There’s a lot going on, no? I was in a meeting during the second week of the semester with other department chairs and our provost to talk specifically about all the ongoing threats to higher education, and the provost ended the meeting blithely remarking that that the chaos of the past several weeks felt eerily like the early months of the COVID-19 pandemic.
I’ve been thinking about the fact that many of our junior colleagues have largely only known the ebb and flow of chaos over the past several years. I’ve also been thinking a lot about the role of professional organizations, like AEJMC, and the stability and community we have strived to cultivate in the division, especially over the past several years. Successive leaders and officers in the division have worked to sharpen the focus on diverse experiences in media history in our conference programming and in our publications while also clarifying the value engaging with the division offers. As our campuses reckon with whatever instability the future brings, as administrators strategize about the language they may use to refocus academic missions away from DEI, as they make hard decisions about budgets in the face of changes to the federal funding landscape, I remain hopeful for the way scholarly community can provide a sense of stability and that the ongoing work of producing and evaluating knowledge continues.

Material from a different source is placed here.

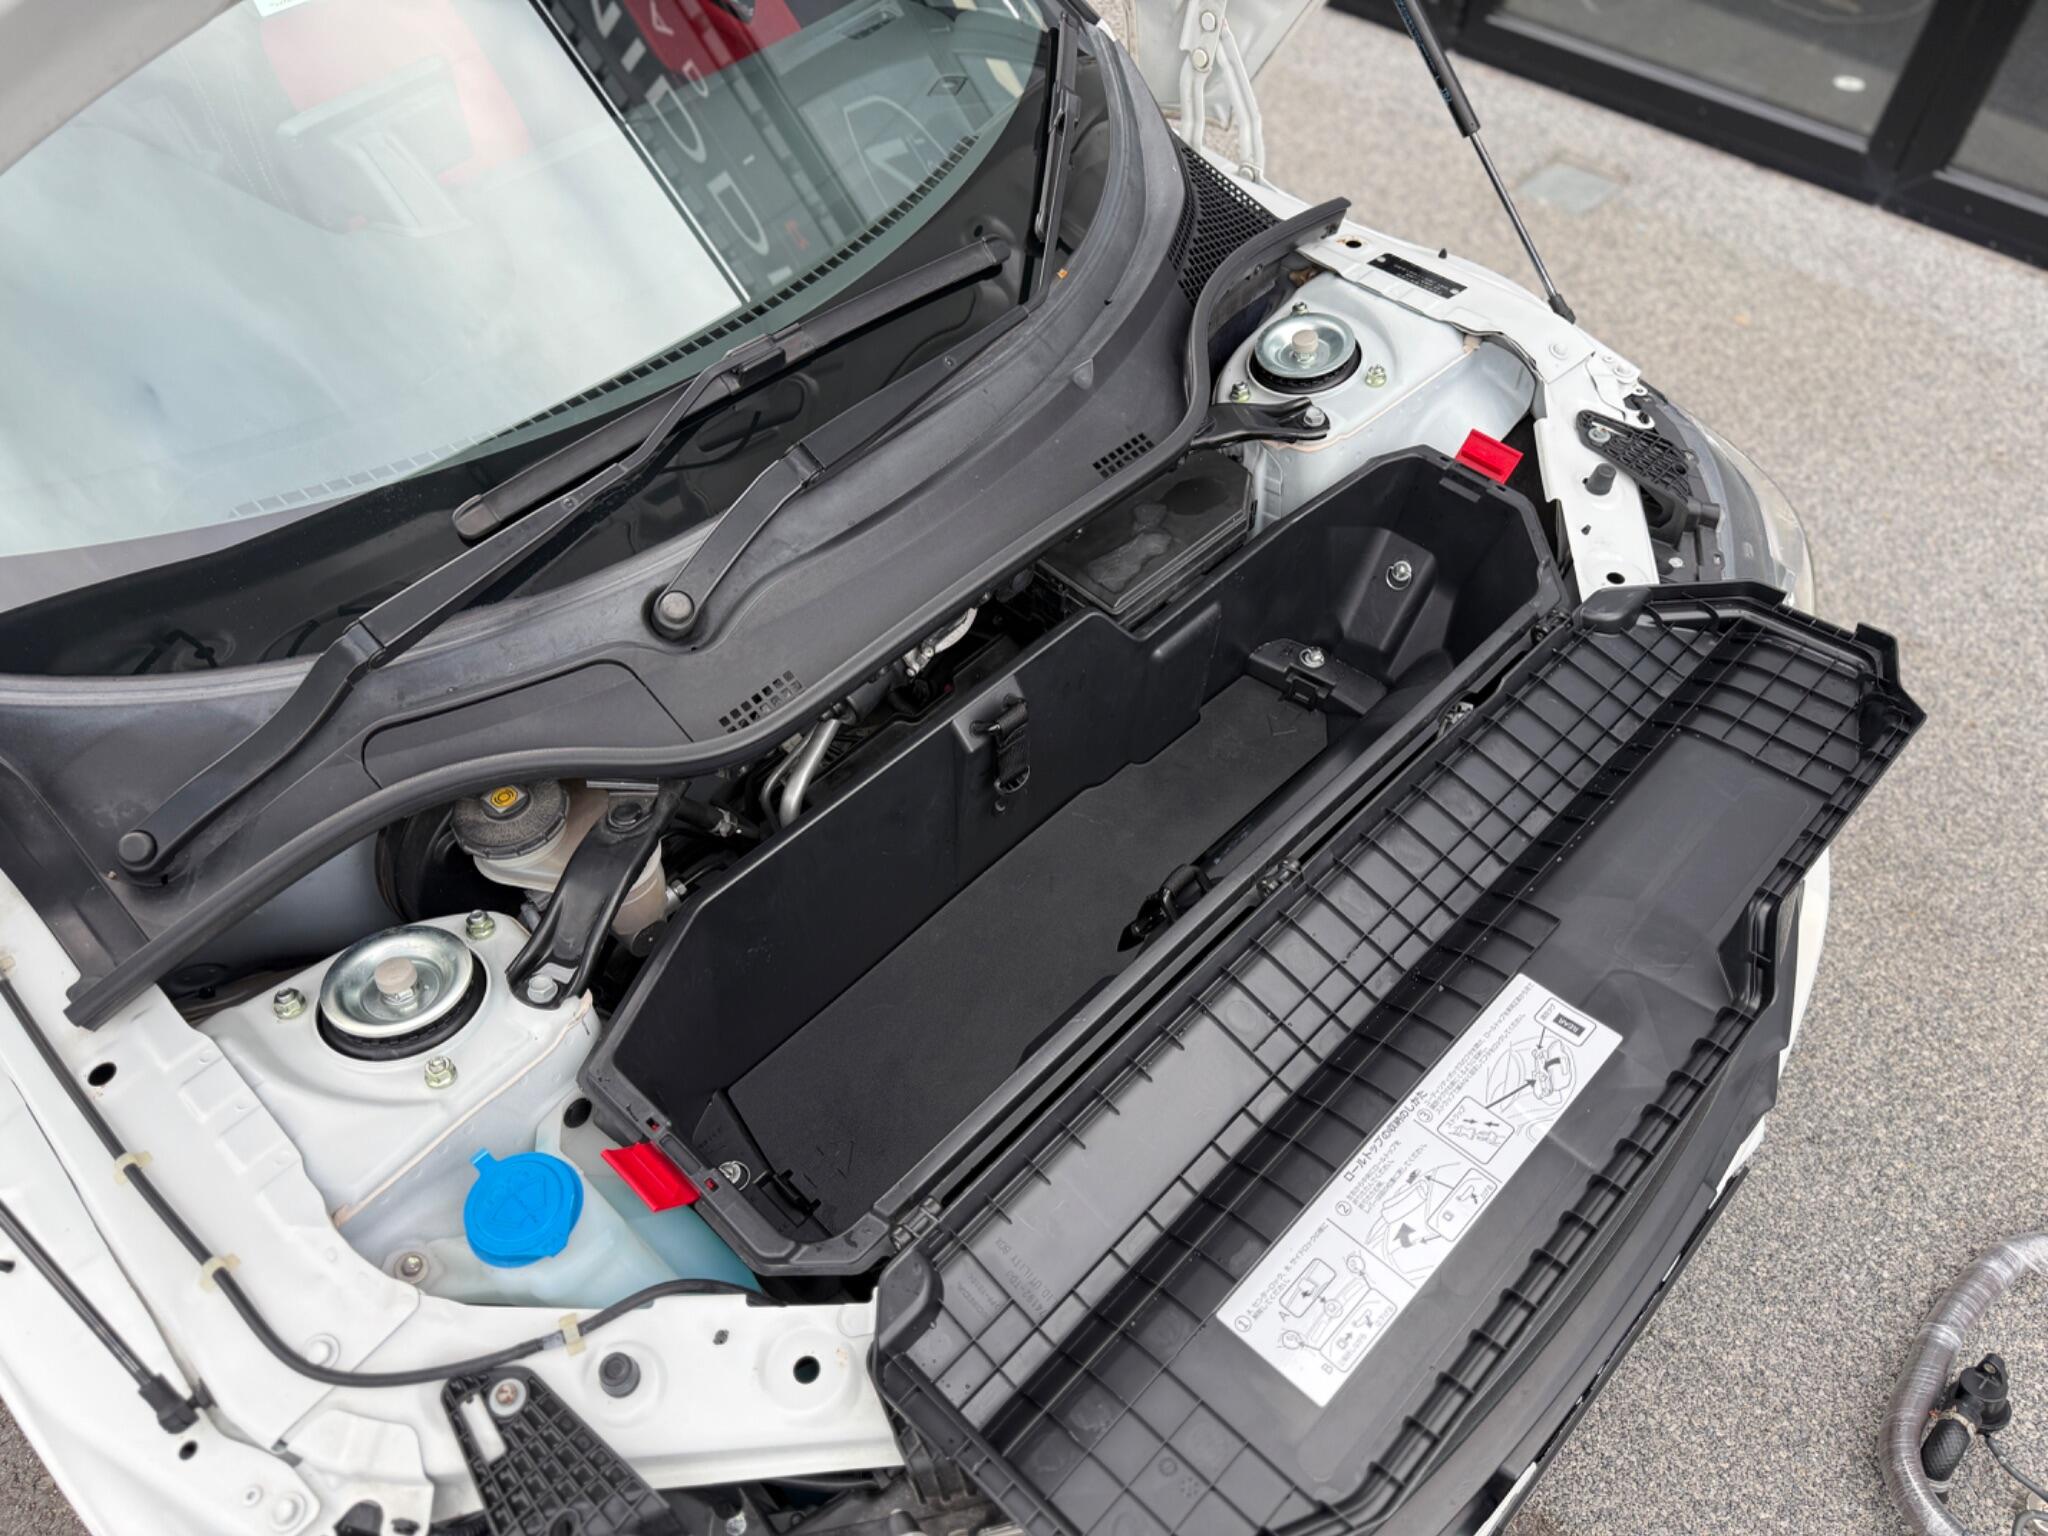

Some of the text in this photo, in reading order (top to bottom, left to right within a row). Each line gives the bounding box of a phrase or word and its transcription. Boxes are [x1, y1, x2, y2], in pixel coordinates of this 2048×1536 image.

[1341, 1088, 1428, 1182] ロールトップの収納のしかた
[1276, 1308, 1290, 1322] A
[1320, 1361, 1334, 1376] B

And so, the work of the division continues. The August conference is just over the horizon, coming into view, and folks have been hard at work preparing. Award committees have been hard been evaluating a truly competitive array of submissions. The research competition deadline is coming. Jason Guthrie has agreed to take on the role of research chair after Autumn Linford had to step away, and he will be reaching out to recruit volunteers to review. Please do volunteer; its perhaps the most crucial bit of service to keep the conference a valuable experience for faculty and graduate students alike. This whole enterprise is built on thoughtful peer review, and one of the key bits of value we can offer our academic community is the careful, productive evaluation of our peers’ work.
I also want to draw special attention to the Jinx C. Broussard Award for Excellence in Teaching of Media History. As history moves around the curriculum, folks may question whether their work qualifies. I assure you it likely does. Recent winners have demonstrated creative ways of integrating history into broader studies and skills classes. If you have an assignment that foregrounds history and historical thinking, consider submitting. The teaching award session is one of the most generative at the conference, and the pedagogical creativity of our members is truly something special.